> [Brief]
Nothing but the lines below from the one that contains "this 1344×1512 image." through the one that contains "this 1500×962 image." should be retyped, exactly and including both ends. Do not include pictures.

> [Data to process]
####

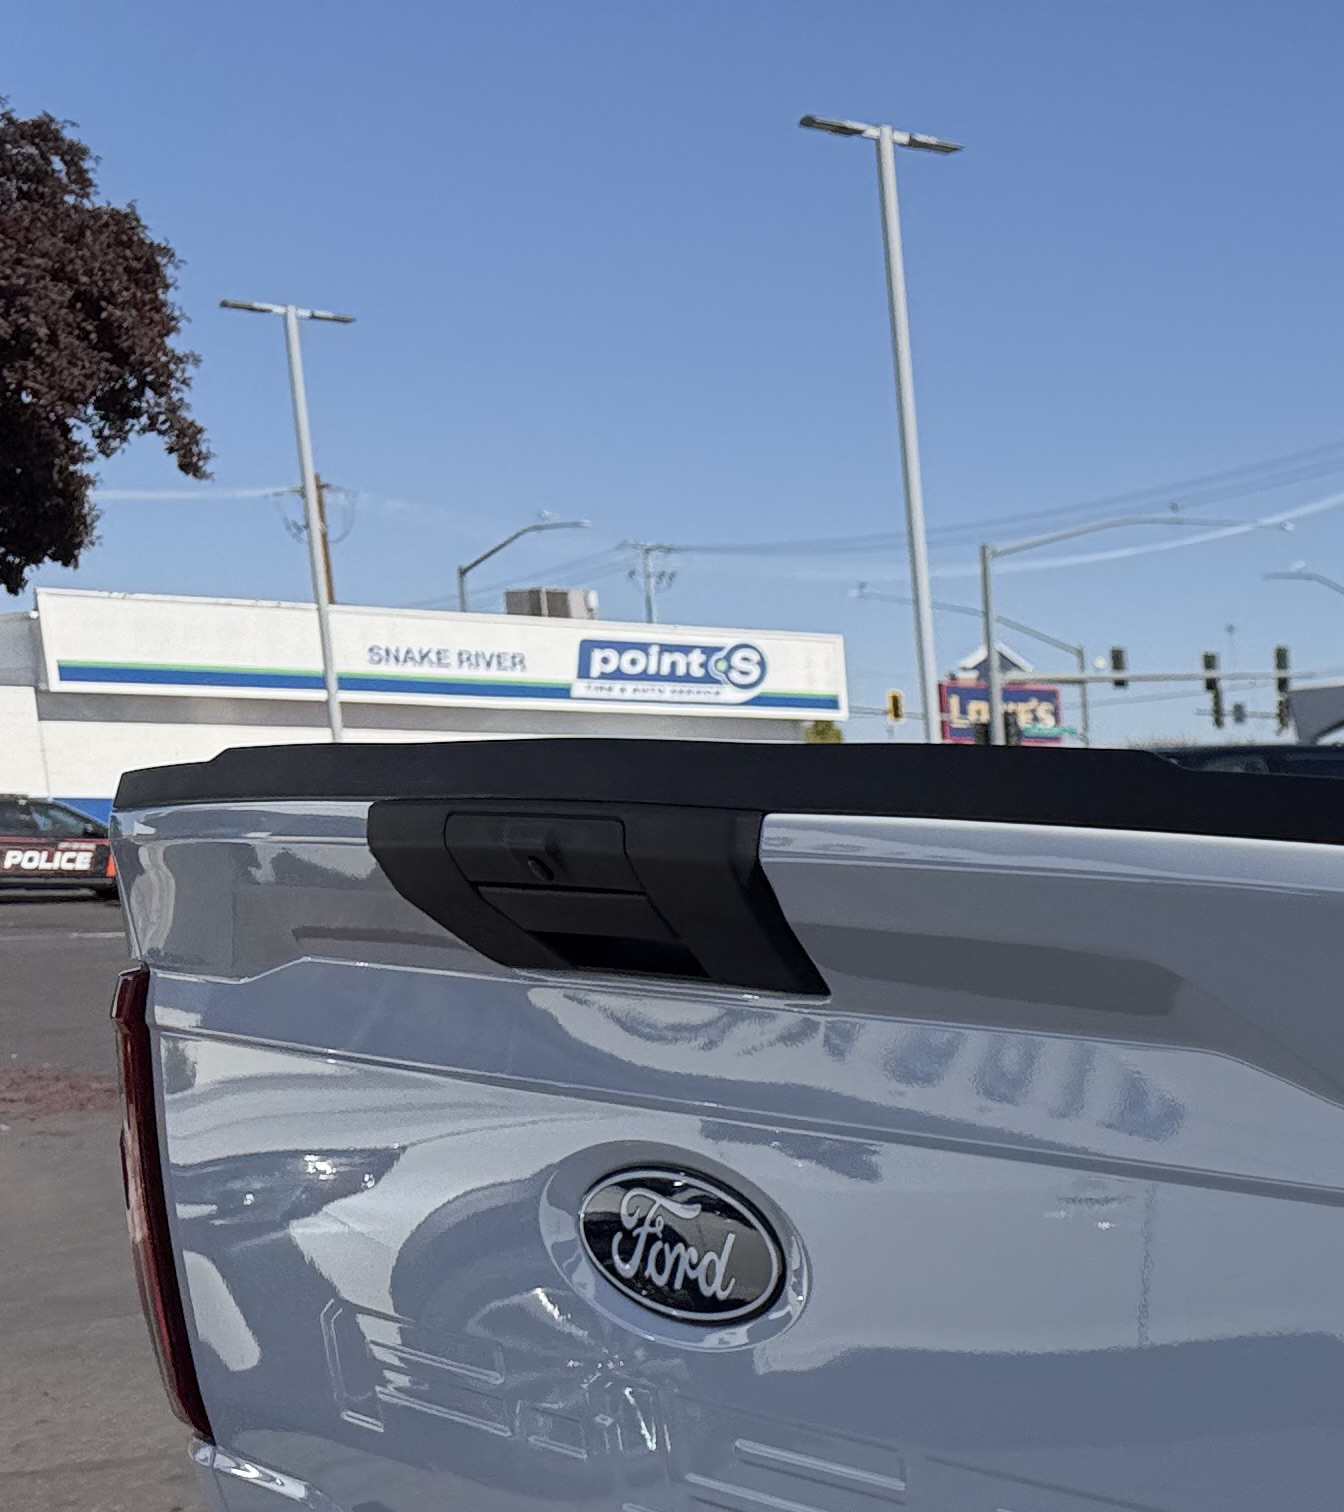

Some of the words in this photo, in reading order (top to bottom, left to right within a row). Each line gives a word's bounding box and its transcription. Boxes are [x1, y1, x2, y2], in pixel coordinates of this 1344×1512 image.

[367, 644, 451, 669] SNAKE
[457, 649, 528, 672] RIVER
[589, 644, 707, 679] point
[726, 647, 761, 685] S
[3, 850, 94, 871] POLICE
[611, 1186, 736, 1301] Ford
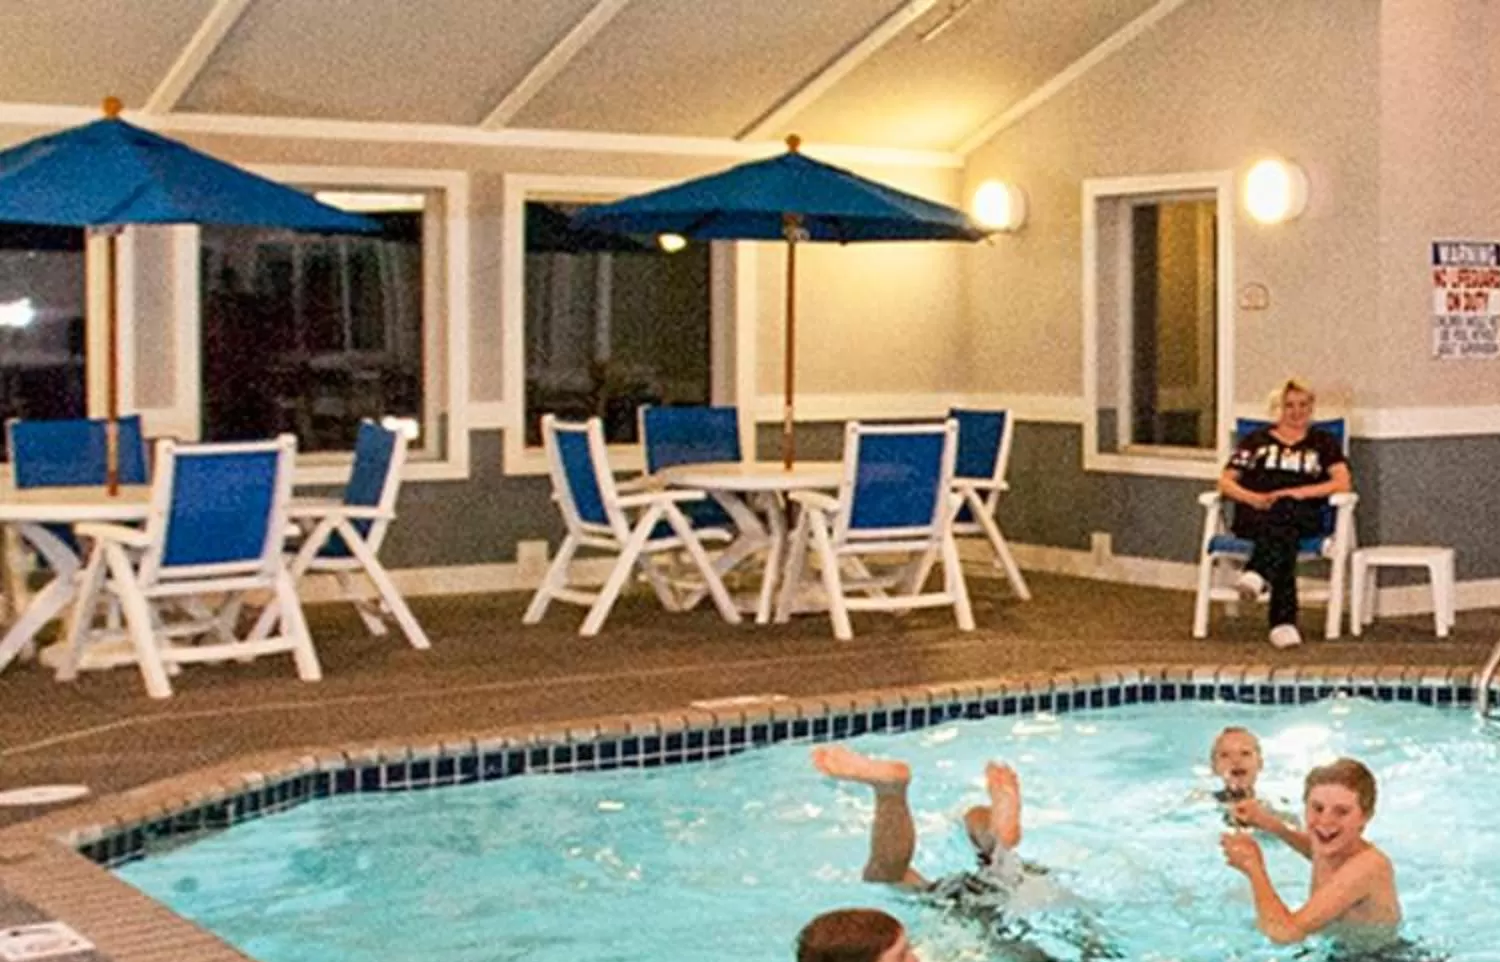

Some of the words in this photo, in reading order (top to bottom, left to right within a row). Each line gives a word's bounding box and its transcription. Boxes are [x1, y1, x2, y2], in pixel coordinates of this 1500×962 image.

####

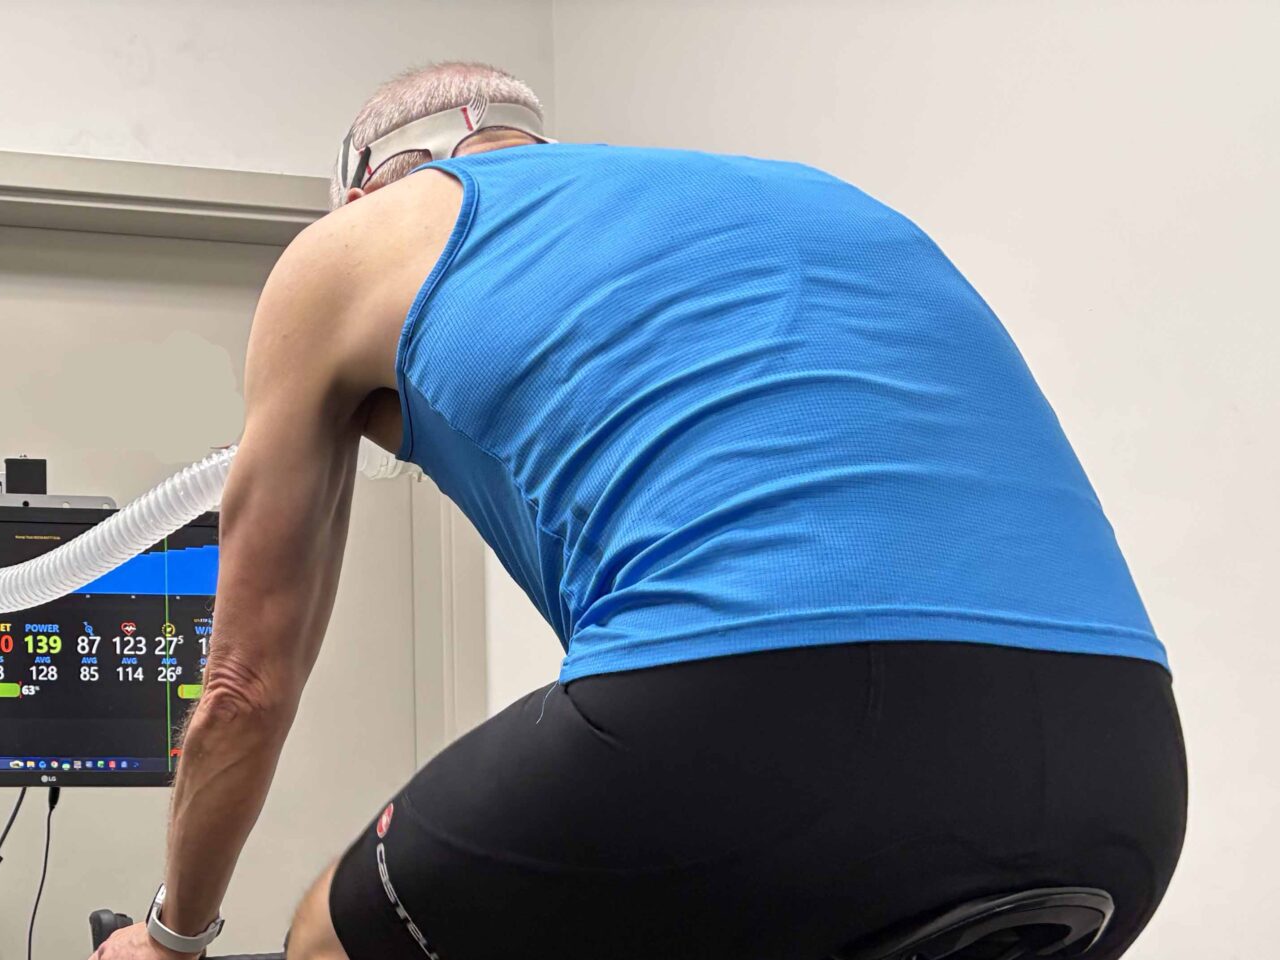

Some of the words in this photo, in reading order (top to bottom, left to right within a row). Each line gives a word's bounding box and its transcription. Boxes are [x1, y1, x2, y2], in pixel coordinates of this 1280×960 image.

####

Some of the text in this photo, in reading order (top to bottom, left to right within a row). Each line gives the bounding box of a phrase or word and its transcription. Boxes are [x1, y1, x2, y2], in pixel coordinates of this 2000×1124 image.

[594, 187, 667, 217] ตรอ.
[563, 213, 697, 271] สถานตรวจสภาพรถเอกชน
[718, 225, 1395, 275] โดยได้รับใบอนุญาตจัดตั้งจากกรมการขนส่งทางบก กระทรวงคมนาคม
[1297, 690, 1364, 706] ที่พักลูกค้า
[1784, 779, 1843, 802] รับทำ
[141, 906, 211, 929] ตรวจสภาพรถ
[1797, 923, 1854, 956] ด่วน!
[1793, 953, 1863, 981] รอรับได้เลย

####

> [Result of the exercise]
Some of the words in this photo, in reading order (top to bottom, left to right within a row). Each line gives a word's bounding box and its transcription. Boxes are [x1, y1, x2, y2], in pixel coordinates of this 1344×1512 image.

[367, 644, 451, 669] SNAKE
[457, 649, 528, 672] RIVER
[589, 644, 707, 679] point
[726, 647, 761, 685] S
[3, 850, 94, 871] POLICE
[611, 1186, 736, 1301] Ford

Some of the words in this photo, in reading order (top to bottom, left to right within a row). Each line gives a word's bounding box and its transcription. Boxes are [x1, y1, x2, y2], in pixel coordinates of this 1500×962 image.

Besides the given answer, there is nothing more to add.